All of the records must be repeated exactly.
----- Records for the exercise -----
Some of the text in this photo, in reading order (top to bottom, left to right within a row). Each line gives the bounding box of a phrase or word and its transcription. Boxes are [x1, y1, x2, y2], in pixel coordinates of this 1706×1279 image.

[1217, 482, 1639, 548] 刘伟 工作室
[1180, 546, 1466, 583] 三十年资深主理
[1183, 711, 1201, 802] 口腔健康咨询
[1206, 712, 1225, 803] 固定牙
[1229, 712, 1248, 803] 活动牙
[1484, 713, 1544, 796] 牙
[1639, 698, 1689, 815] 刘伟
-----
Solution for this task:
Some of the text in this photo, in reading order (top to bottom, left to right within a row). Each line gives the bounding box of a phrase or word and its transcription. Boxes are [x1, y1, x2, y2], in pixel coordinates of this 1706×1279 image.

[1217, 482, 1639, 548] 刘伟 工作室
[1180, 546, 1466, 583] 三十年资深主理
[1183, 711, 1201, 802] 口腔健康咨询
[1206, 712, 1225, 803] 固定牙
[1229, 712, 1248, 803] 活动牙
[1484, 713, 1544, 796] 牙
[1639, 698, 1689, 815] 刘伟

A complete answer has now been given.